While that is tragic, it is not, unfortunately, particularly unusual. Parents worry about their young adult children just because they are so often naive, believing themselves invulnerable.

Black and Latina women disappear, too. So do men - black, white and brown. In fact, according to FBI spokesman Paul Bresson, the agency has more active missing-persons cases involving adult men - 26,107 as of Aug. 1 - than adult women, with 22,717 active cases.

Some news organizations, however, have decided that their audience cares most about the tragedies that afflict only a small sliver of those victims - the ones who are female, young, pretty and white, the Chandra Levys, Laci Petersons, Lori Hackings and Jennifer Wilbankses.

And given the fine science of marketing research, the news organizations are no doubt right. Devoting countless hours of her Fox News show On the Record to Ms. Holloway's disappearance seems to have given Greta Van Susteren a huge ratings boost. Headline News' Nancy Grace has also elevated Ms. Holloway's case to the drama of the century - at least until another pretty young white woman disappears.
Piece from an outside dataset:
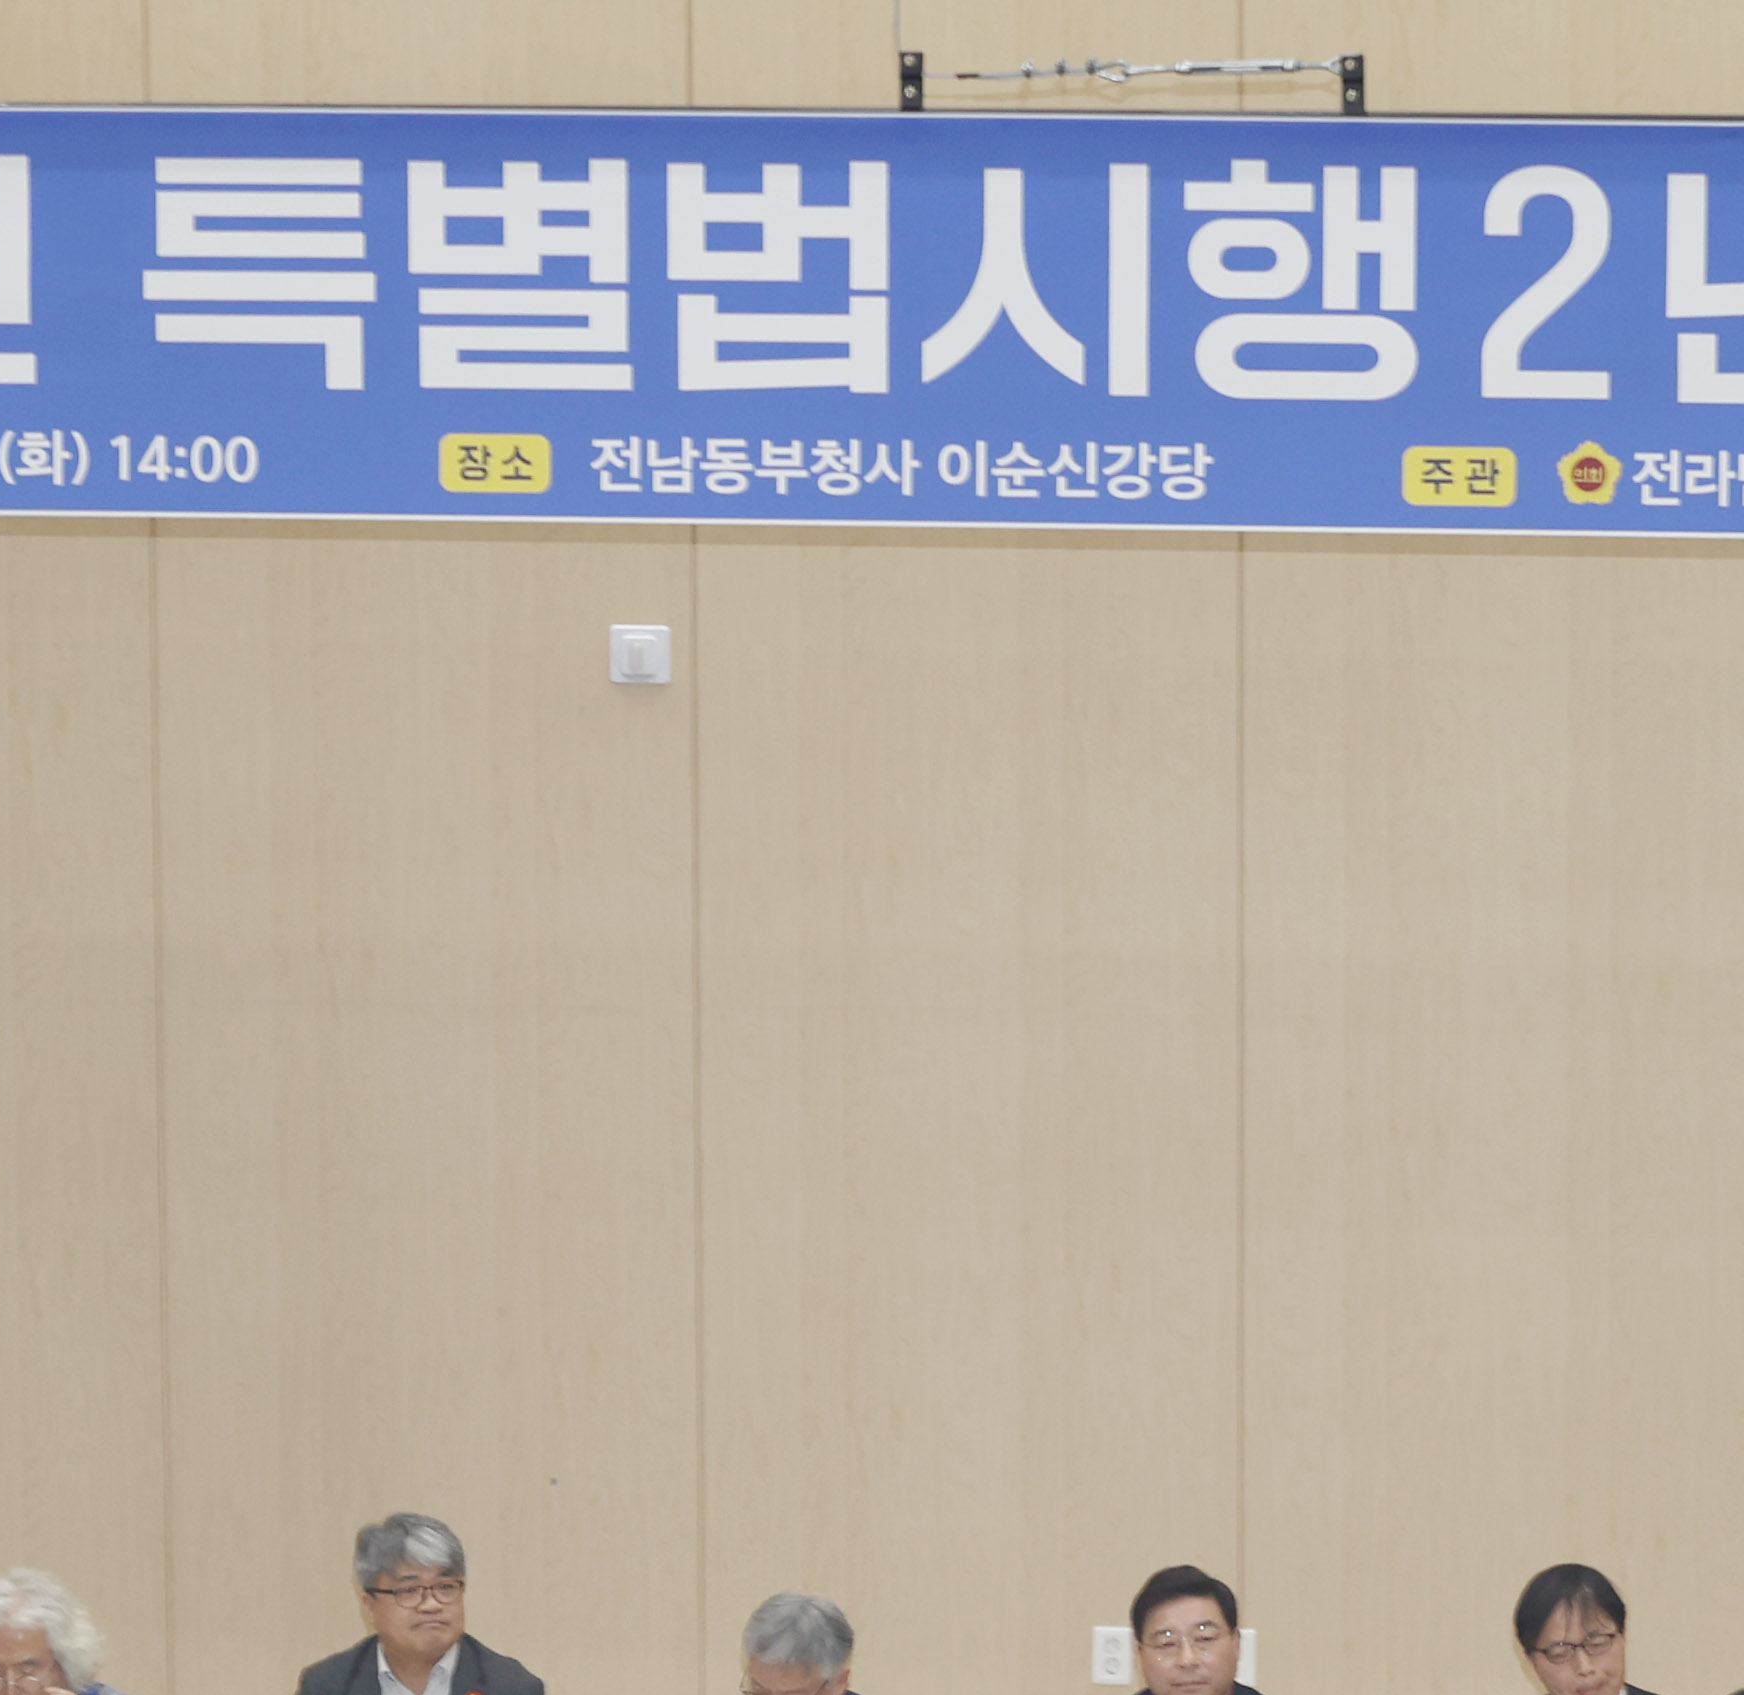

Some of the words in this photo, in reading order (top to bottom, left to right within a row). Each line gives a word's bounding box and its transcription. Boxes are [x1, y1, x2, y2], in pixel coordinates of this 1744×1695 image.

(The recent coverage of the case of a missing, pregnant Philadelphia Latina, LaToyia Figueroa, doesn't change the profile. Her case got traction with news organizations only after critics needled them to give her July disappearance some attention. Her former boyfriend was recently arrested and charged with her murder and the murder of their unborn child.)

Despite America's self-image as a nation that embraces diversity, offering not only equal opportunity but also broad cultural assimilation, racism - or race consciousness - remains a stubbornly intractable problem. Of course, much has changed in this country over the past 50 years. To misquote former-NBA-star-turned-great-philosopher Charles Barkley, you know something is different when the best golfer (Tiger Woods) is black and the best rapper (Eminem) is white.

Yet Drew Westen, an Emory University psychology professor, has said we may still lack the ability to empathize with those we view as different from ourselves. And it may go back to our primitive beginnings, to an instinct for immediately identifying the "other" as dangerous. That sense of "otherness" does not reside in whites alone. Blacks, too, are perfectly capable of suspicion, hostility and just plain bigotry toward others of different races and ethnic groups. Race consciousness is, it seems, an all-American attribute.

Perhaps that primitive instinct to demonize those outside the tribe was quite useful to humankind thousands of years ago. But it hardly seems helpful in an age of decoded DNA, global markets and 24-hour cable news channels.

Cynthia Tucker is editorial page editor for The Atlanta Journal-Constitution. Her column appears Mondays in The Sun.